Furthermore, there can be provided a method of constructing a disease network in which hierarchization based on confounders of cohort data and an outbreak time between diseases have been considered, wherein in order to improve efficient utilization to usability of a constructed disease network, more detailed information (e.g., a total number of patients, the number of patients in a disease node and link, the number of patients for each sex in the disease node and link, a ratio for each sex in the disease node and link, the number of patients for each year in the disease node and link, the number of patients for each year/sex in the disease node and link, a ratio for each year/sex in the disease node and link, the number of patients for each age in the disease node and link, the ratio of each age in the disease node and link, the number of patients for each year/age in the disease node and link, the ratio of ages for each year in the disease node and link, the number of patients for each year/sex/age in the disease node and link, the ratio of patients for each year/sex/age in the disease node and link, a prevalence for each year in the disease node and link, an incident rate for each year in the disease node and link, a distribution of medicines orally taken due to a corresponding disease in the disease node and link, a distribution of socioeconomic variables in the disease node and link, a distribution of races in the disease node and link, a distribution of regions in the disease node and link, and a distribution of sanatoriums in the disease node and link) on the corresponding node and link can be visualized and provided, a method of visualizing the same, and a computer-readable recording medium in which the method has been written.

DESCRIPTION OF DRAWINGS

FIG. 1 is a schematic flowchart for describing a method of constructing a disease network according to an embodiment of the present invention.
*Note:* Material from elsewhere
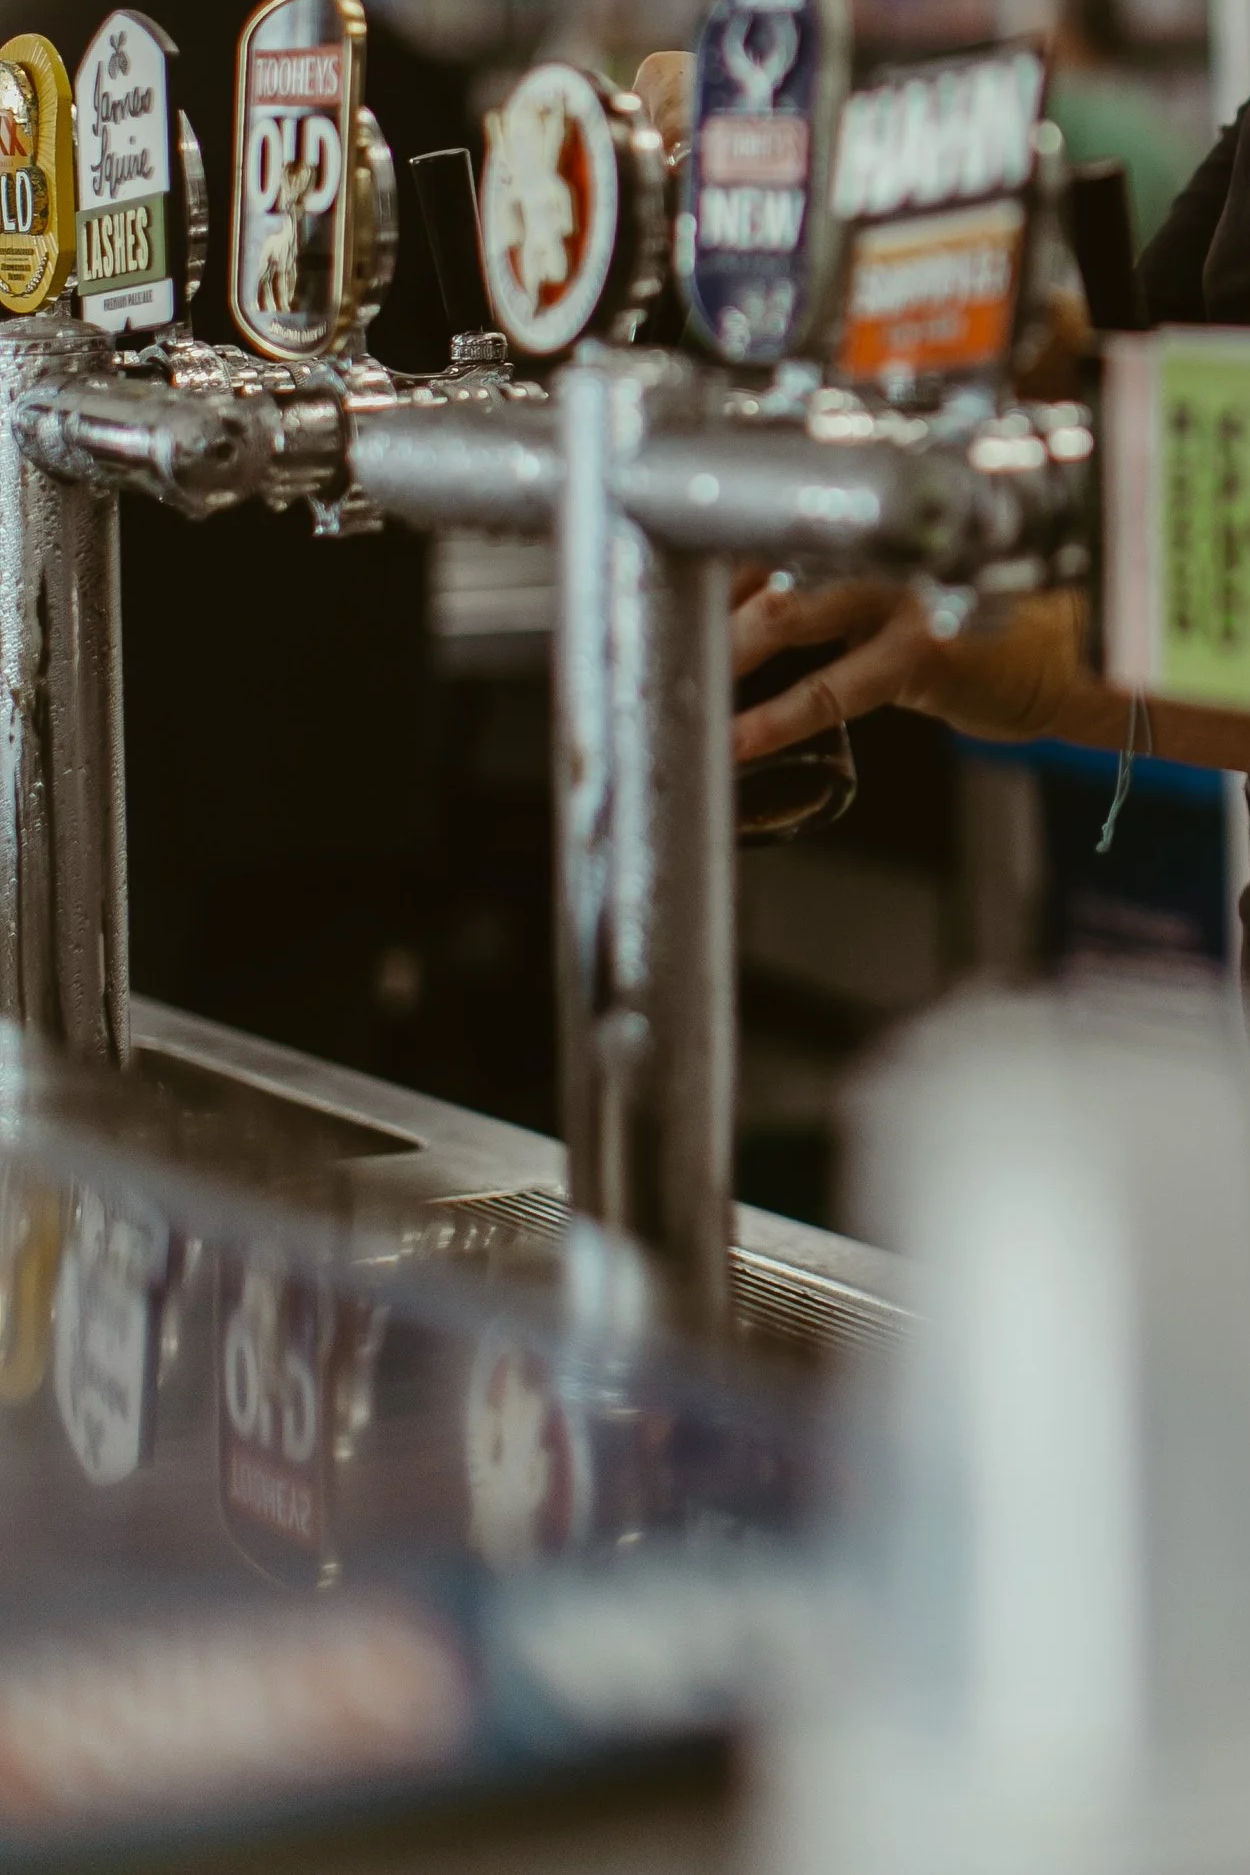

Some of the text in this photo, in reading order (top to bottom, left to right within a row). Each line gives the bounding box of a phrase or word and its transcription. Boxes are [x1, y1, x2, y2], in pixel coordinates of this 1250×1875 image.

[256, 54, 340, 97] TOOHEYS
[91, 124, 156, 199] Squire
[83, 206, 149, 281] LASHES
FIG. 2A is an example of clinical cohort data to which an embodiment of the present invention is applied.

FIG. 2B is an example in which the data in FIG. 2A is arranged in a time-series manner.

FIG. 2C is an example in which the data in FIG. 2B is grouped for each age, that is, one of confounders.

FIG. 2D is a diagram for describing a process of calculating a relative risk in which a pre-disease affects a post-disease.

FIG. 2E is a schematic diagram for describing a relative risk calculation formula, an average value, a middle value, etc. of calculated data in FIG. 2D through the process of FIG. 2D in grouped data in FIG. 2C.

FIG. 2F is a schematic diagram for describing a process of deriving a disease correlation and period based on regression analysis of grouped data.

FIG. 3 is a table describing an example in which a disease subnetwork is constructed and a total disease network is reconstructed using a relative risk according to another embodiment of the present invention.

FIG. 4 is a graph for describing a disease subnetwork construction method using a difference between correlation coefficients.

FIG. 5 is a table and graph for describing an example in which a difference between average disease outbreak times is calculated in a disease subnetwork.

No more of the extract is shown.